Friday, June 15, 2012

What next for national security?

The deaths of Prof George Saitoti and Joshua Orwa Ojode reinforce the received wisdom that Kenya's national security establishment is moulded in the image of the politicians in charge. Sad as their deaths are, as we bury them, we must remember that the nearly stillborn police reforms are crucial from removing the over-mighty yoke of the Executive from security policy. There have always been powerful security policymakers in Kenya and in the deaths of the two, Kenya is now forced to contemplate a policy apparatus that is devoid of leadership that can be seen. The roles that the Commissioner of Police, the Commandant of the Administration Police, the Director of the Criminal Investigations Department, the Director-General of the National Security and Intelligence Service, the Commandant of the General Service Unit, and the Permanent Secretary in the Ministry of State for Internal Security and Provincial Administration play have continued to be invisible to the general public. It seems that the only persons privy to what goes on in the national security establishment are those who are tasked in keeping us safe from the dangers of the world.

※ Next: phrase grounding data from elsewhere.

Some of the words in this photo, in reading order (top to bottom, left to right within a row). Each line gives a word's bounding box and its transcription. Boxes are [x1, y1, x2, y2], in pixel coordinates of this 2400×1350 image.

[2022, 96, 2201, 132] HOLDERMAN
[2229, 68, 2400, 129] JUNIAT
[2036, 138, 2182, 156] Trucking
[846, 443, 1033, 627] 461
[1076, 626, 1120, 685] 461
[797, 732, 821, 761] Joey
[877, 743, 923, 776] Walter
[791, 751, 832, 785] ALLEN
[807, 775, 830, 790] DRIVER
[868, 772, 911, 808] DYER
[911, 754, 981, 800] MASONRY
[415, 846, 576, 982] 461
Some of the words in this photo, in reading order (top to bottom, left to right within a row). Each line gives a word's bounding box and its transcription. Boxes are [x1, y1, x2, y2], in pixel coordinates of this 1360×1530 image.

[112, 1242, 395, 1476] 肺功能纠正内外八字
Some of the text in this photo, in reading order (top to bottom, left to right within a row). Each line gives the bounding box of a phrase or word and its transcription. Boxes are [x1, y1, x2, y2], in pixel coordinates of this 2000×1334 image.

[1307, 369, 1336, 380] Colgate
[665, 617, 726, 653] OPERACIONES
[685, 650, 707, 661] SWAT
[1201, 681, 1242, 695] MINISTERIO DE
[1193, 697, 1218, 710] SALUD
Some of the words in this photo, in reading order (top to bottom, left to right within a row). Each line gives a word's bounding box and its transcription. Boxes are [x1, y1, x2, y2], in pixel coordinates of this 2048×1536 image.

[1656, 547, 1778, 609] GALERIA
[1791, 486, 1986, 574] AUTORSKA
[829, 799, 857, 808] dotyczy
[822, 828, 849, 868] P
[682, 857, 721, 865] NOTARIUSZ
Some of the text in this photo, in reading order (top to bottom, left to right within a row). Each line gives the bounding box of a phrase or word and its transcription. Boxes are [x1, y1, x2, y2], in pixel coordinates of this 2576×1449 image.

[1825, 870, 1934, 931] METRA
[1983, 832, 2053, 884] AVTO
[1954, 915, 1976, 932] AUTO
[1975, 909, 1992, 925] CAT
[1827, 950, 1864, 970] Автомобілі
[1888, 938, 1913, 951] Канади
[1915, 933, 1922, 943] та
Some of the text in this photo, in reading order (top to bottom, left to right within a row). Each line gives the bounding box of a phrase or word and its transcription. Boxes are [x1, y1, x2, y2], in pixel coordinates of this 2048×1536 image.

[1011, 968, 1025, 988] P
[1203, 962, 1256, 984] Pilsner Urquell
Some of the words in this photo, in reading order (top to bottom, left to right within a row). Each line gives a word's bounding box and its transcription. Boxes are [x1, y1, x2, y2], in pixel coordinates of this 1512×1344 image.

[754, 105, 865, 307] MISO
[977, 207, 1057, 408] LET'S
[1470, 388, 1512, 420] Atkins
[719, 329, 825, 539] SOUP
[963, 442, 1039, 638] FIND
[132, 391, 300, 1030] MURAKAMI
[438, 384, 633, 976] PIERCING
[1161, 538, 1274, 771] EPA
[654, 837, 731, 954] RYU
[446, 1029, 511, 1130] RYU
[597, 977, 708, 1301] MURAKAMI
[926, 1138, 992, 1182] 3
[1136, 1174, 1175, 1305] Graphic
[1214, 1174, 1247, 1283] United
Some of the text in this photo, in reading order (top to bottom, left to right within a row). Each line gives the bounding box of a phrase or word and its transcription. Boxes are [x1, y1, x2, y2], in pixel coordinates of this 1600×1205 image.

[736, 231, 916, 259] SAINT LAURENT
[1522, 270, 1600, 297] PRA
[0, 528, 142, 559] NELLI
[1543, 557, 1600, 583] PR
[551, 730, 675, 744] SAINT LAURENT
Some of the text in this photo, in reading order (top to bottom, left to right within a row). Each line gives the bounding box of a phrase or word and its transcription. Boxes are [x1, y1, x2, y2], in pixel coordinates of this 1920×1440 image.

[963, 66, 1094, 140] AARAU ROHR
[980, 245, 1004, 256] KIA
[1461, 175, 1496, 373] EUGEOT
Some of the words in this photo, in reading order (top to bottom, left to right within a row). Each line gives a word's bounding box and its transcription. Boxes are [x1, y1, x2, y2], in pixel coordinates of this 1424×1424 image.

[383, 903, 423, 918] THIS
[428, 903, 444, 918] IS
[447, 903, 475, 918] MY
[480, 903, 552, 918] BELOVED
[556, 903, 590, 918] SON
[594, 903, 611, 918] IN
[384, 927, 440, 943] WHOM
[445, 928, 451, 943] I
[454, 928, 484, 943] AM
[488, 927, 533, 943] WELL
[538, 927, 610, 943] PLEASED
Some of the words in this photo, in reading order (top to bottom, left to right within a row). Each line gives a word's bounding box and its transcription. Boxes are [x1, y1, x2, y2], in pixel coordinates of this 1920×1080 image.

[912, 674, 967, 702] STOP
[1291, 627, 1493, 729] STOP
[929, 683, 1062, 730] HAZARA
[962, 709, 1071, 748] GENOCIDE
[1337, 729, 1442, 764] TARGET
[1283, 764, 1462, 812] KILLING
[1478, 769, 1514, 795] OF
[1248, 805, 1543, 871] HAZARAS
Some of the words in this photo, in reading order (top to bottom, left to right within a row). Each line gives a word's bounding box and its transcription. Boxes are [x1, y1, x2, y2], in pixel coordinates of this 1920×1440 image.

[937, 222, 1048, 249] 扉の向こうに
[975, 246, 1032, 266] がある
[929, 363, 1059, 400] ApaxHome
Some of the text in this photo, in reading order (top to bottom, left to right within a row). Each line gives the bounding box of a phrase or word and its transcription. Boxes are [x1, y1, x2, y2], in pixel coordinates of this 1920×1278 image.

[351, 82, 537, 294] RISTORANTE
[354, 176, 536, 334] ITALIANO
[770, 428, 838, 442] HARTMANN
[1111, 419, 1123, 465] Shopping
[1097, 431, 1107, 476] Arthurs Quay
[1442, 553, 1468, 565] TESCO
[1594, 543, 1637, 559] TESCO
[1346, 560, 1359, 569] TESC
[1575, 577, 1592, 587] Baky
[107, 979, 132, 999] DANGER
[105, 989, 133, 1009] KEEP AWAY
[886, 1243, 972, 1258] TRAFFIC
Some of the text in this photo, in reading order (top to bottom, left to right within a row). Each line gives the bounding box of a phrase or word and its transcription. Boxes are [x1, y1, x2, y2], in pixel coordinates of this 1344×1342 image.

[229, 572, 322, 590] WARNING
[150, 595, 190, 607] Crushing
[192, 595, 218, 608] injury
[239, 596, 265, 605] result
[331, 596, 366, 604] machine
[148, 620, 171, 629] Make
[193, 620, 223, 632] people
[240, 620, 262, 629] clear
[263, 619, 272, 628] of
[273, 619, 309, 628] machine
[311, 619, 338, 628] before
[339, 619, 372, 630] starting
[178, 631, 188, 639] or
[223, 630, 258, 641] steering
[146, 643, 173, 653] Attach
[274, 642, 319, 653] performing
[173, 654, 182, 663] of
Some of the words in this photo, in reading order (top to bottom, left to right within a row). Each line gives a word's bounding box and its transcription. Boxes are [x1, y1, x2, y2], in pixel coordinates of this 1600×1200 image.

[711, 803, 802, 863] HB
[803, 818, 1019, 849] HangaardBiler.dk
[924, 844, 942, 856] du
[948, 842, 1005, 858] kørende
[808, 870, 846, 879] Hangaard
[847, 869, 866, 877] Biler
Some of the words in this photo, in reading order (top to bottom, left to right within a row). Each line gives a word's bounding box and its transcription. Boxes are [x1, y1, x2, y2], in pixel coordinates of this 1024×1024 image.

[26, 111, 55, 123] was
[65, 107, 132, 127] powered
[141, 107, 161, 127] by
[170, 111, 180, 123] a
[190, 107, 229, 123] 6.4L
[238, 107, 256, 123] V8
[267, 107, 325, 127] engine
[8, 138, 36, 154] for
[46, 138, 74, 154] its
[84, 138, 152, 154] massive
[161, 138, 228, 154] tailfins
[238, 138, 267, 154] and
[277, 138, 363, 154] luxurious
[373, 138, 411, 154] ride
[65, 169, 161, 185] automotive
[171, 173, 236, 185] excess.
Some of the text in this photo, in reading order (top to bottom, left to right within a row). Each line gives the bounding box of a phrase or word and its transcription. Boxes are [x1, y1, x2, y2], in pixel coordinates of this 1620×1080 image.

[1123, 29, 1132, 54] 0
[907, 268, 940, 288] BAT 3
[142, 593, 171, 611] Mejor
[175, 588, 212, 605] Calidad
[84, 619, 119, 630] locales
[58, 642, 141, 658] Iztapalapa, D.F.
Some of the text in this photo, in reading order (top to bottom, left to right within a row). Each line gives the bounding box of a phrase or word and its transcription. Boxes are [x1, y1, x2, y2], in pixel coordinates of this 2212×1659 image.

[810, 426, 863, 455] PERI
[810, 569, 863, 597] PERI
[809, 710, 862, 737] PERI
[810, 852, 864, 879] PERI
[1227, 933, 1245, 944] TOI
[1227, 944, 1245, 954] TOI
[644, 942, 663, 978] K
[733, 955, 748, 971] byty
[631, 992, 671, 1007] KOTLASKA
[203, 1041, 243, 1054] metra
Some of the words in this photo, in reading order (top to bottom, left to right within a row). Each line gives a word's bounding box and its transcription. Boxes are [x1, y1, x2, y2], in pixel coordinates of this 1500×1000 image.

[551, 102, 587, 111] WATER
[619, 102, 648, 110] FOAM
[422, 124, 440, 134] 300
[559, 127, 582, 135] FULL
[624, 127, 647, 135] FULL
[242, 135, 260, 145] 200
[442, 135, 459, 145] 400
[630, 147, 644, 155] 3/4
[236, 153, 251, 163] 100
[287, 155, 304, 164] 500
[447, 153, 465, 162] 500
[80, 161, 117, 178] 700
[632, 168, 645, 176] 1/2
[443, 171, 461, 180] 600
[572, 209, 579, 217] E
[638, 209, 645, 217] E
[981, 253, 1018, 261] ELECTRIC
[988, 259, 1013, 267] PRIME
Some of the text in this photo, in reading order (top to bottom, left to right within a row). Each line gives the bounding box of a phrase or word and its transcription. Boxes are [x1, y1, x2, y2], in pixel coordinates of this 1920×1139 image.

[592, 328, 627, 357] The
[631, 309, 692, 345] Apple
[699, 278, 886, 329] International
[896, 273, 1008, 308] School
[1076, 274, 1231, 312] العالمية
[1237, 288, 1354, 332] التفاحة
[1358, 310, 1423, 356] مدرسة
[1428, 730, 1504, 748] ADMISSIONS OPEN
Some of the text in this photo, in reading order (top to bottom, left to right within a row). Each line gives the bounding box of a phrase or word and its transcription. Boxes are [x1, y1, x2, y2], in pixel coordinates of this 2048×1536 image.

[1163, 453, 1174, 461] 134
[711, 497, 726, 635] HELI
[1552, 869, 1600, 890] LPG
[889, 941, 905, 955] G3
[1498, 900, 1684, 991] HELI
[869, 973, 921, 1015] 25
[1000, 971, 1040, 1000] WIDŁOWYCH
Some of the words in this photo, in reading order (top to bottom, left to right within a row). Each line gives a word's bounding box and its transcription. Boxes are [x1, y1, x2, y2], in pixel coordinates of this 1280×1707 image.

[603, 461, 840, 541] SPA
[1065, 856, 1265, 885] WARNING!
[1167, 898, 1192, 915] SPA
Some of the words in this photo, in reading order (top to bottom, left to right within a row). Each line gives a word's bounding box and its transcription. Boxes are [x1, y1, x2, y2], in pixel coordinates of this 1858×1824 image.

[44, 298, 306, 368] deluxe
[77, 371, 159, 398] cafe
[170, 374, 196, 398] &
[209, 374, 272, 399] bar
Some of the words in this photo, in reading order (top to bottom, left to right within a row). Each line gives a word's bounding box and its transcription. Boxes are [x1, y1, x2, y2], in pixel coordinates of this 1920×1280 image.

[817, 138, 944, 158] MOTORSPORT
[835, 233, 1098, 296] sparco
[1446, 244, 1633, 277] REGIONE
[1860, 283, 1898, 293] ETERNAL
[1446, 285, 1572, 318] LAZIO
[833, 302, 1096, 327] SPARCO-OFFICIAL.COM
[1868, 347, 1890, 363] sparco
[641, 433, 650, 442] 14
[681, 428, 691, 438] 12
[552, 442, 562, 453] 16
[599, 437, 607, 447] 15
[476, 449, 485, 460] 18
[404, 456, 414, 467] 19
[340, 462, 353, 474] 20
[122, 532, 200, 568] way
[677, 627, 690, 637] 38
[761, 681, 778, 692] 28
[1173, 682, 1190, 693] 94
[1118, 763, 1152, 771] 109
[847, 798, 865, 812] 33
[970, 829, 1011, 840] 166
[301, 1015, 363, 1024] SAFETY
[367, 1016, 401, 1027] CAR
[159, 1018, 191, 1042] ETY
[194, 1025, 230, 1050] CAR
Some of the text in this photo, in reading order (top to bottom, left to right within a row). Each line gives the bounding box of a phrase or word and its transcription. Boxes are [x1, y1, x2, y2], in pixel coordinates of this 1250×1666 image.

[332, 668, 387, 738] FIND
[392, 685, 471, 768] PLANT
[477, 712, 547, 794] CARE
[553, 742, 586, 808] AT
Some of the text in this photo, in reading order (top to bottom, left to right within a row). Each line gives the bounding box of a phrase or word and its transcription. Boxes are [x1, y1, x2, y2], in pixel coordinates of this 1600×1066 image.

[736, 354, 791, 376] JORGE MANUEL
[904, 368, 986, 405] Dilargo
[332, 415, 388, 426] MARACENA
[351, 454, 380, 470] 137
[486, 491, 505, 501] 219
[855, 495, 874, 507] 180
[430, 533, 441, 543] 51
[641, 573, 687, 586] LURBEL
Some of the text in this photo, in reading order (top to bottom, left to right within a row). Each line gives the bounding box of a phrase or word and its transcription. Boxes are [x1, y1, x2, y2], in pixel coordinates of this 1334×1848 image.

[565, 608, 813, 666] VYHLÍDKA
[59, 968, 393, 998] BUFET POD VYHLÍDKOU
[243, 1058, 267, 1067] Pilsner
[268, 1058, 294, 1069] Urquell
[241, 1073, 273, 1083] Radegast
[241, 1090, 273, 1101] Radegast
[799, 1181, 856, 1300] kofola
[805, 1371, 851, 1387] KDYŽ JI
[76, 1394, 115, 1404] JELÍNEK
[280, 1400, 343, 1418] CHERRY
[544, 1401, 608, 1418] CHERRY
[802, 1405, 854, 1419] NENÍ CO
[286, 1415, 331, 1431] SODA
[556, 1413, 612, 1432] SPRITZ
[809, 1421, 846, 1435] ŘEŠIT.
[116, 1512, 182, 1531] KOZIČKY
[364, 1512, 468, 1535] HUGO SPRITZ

The police spokesman, speaking after the disruption of the first Limuru 2B rally last month, stated that the police was acting on intelligence that the dreaded Mungiki was being revived under the guise of a political rally called to counter the GEMA rally earlier on.In the wake of the Assanand's House explosion, he stated that the police had intelligence that pointed to the involvement of al Shabaab terrorists operating in Nairobi. For a public that has decidedly turned its attention away from all that matters and concentrated its mind on the mundane question of who will succeed Mwai Kibaki in 2013, this is enough to satisfy its curiosity. For the rest, it is inadequate to explain what our national security policy means and how best it can be implemented in the face of overwhelming odds, from a dwindling revenue collection exercise to the increasing cost of living and poverty levels among the youth and the working classes.

The manner in which the Lady Justice Kalpana Rawal-led Board of Inquiry conducts its its investigations shall demonstrate the strength and resilience of Kenya's national security establishment as well as expose the weaknesses that are inherent in it. The appointment of the team, as is normal in Kenya, was shrouded in equal parts mystery and confusion. Even after two previous air traffic crashes that claimed the lives of Mwai Kibaki's ministers, it seems as if there is no plan on how to investigate such incidents. The aftermath of the Assanand's House explosion, as in the aftermaths of all other deadly explosions in Nairobi, it remains unclear who is in charge of the ensuing investigations, how and when foreign experts will be invited to participate, and more crucially, what the results of the investigations are. In the absence of a transparent and accountable process, even the Prime Minister's exhortations to avoid speculation will not relieve the public from engaging in bouts of conspiracy theories. And in our heightened state of ethnic chauvinism it is all but impossible to erase the stench of an ethnic conspiracy behind the deaths of the two; in the last three days, rumours of a burgeoning political alliance between Prof Saitoti and Mr Ojode have fuelled speculation that they were both murdered to prevent the Professor from making inroads in Luo Nyanza in his quest to succeed President Kibaki.

Nzamba Kitonga's Committee of Experts drafted into the Constitution a somewhat coherent national security structure, delineating areas of responsibility in order to streamline the process and delimit the powers of those who would seek to keep us safe. The CoE attempted to constitutionalise what is usually a dynamic and fluid administrative procedure because many Kenyans feared a return to the dark days of the Nyayo House torture chambers. In going to this extreme, the CoE failed to appreciate that national security matters tend to evolve and take unpredictable paths and they require public officers charged with national security responsibilities sometimes to act swiftly without taking into account the fine print of the Constitution. Even Barack Obama, the US President, in his zeal to keep the United States safe from harm, has taken to approving personally who will be eliminated by drone strike and who will not, something that the US Constitution or the laws of the United States did not anticipate when the US Constitution was drafted in 1776.

Mwai Kibaki's successor must perchance work with what he has and this means that in crafting a national security policy, it is time that we evolved from the over-secretive way national security is handled in the corridors of the Executive. In the absence of an effective press, the Executive must pursue a proactive public disclosure programme to ensure that Kenyans have the correct information at the right time in order to appreciate the extent to which the Executive will go to keep Kenyans safe. Even taking into account the need for secrecy, it is imperative to make Kenyans partners in the handling of national security matters by educating them fully on who is in charge, what powers they enjoy and what they can and cannot do, from the legal to the administrative. George Saitoti and Orwa Ojode were products of a bygone era and as we mourn their deaths we must be prepared to abandon their hidebound ways. By properly investigating their deaths and making the results of the investigations public, perhaps, in some small way, we shall be able to craft a more robust and responsive nationals security establishment that we can all have confidence in.